Re: Delegates -- WHAT is delegated?
- Subject: Re: Delegates -- WHAT is delegated?
- From: William Squires <email@hidden>
- Date: Sat, 23 Dec 2006 09:38:15 -0600
Oops, sorry to Nat Lanza, accidentally replied this message to him. :)
On Dec 19, 2006, at 10:02 PM, Nat Lanza wrote:
Sam Colombo wrote:
The delegating object in an application is often an NSApplication,
NSWindow,
or NSView object. The delegate object itself is typically, but not
necessarily, an object, often a custom object, that controls some
part of
the application (that is, a coordinating controller object)."
But how can you tell (or specify) what methods of a class are
delegatable?
It sounds like you're expecting delegation to be a much more formal
and compiler-enforced thing than it actually is.
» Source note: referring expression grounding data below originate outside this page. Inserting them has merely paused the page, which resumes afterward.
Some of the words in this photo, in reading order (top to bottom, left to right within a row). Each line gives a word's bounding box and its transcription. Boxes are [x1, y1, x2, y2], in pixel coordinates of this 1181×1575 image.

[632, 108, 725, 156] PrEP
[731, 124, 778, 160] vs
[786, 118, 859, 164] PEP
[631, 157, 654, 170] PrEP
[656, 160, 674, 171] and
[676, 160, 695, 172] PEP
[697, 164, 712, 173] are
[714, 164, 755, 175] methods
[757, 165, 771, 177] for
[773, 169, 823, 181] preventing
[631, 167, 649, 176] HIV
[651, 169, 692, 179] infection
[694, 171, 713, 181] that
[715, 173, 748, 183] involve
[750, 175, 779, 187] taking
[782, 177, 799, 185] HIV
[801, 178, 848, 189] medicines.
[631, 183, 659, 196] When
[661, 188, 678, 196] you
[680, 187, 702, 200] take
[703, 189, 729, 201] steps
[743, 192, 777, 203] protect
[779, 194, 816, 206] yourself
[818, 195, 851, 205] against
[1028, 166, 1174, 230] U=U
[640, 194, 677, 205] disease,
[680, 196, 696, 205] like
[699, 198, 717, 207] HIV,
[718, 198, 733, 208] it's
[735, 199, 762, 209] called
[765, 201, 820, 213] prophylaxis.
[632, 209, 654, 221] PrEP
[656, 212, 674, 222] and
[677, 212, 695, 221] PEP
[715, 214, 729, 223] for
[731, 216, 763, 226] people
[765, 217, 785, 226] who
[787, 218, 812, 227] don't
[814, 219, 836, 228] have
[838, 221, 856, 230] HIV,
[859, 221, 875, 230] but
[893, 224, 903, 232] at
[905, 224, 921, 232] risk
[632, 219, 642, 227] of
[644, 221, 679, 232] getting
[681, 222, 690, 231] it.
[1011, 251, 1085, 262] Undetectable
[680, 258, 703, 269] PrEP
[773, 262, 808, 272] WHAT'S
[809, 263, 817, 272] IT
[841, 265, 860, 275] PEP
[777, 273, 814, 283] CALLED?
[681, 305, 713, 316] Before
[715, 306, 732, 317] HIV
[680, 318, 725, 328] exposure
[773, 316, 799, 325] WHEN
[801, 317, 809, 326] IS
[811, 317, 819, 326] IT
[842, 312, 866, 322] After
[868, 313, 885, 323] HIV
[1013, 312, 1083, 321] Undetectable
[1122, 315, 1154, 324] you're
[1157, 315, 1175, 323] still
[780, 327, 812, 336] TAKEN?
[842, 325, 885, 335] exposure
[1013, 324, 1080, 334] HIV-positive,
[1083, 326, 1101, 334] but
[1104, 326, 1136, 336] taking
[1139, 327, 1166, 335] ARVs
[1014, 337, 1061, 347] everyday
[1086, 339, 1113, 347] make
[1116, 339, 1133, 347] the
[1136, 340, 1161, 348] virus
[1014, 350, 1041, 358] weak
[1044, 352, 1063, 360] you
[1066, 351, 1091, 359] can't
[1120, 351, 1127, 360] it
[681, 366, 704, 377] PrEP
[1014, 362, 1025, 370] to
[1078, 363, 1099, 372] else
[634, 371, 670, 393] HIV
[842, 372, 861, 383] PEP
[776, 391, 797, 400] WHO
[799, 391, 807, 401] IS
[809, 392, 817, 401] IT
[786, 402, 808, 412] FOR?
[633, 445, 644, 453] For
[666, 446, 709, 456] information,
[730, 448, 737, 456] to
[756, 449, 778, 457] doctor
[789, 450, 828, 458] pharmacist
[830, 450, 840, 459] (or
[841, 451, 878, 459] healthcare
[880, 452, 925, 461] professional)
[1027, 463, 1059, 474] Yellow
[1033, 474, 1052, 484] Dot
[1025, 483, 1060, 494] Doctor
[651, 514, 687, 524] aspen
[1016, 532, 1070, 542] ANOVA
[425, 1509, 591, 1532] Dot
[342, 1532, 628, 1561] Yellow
Really, it's just a design pattern.
Cocoa objects that support delegates tend to implement delegation
to mean "When certain events happen, check to see if the delegate
implements a specific method selector. If it does, perform that
selector on the delegate object to give it a chance to respond to
the event".
This sounds like a more complicated version of RB's event model,
wherein you can make a "New Event" in a class so that subclasses will
get that event (if they want to code it), or ignore it (by putting no
code in it) in which case it'll be available to any subclass of that
subclass. Is this similar?
Implementing a method in the delegate object does *not* mean that
the delegate's method will be called instead of the delegating
object's method. That's entirely under the control of the main
object -- if the implementation *chooses* to call the delegate, it
can. The delegate does not in any way override the main object's
methods.
The reason you're not finding absolute answers on what is and is
not delegatable is that there *are* no absolute answers. The
methods that a given class chooses to pass on to its delegate are
entirely up to that class. A class may require its delegate object
to implement a formal protocol containing the methods it wants to
delegate, but it doesn't have to -- it can just use informal
documentation-based protocols instead.
Similarly, you're unlikely to find delegate support in the more
abstract base classes like NSView and NSResponder, because they're
generally not instantiated on their own. They serve as bases to
inherit from, and they're too general to really benefit from
delegates -- for example, he behavior you'd want from a delegate in
an NSOutlineView is pretty different from what you'd want in an
NSTextField, even though they both inherit from NSResponder.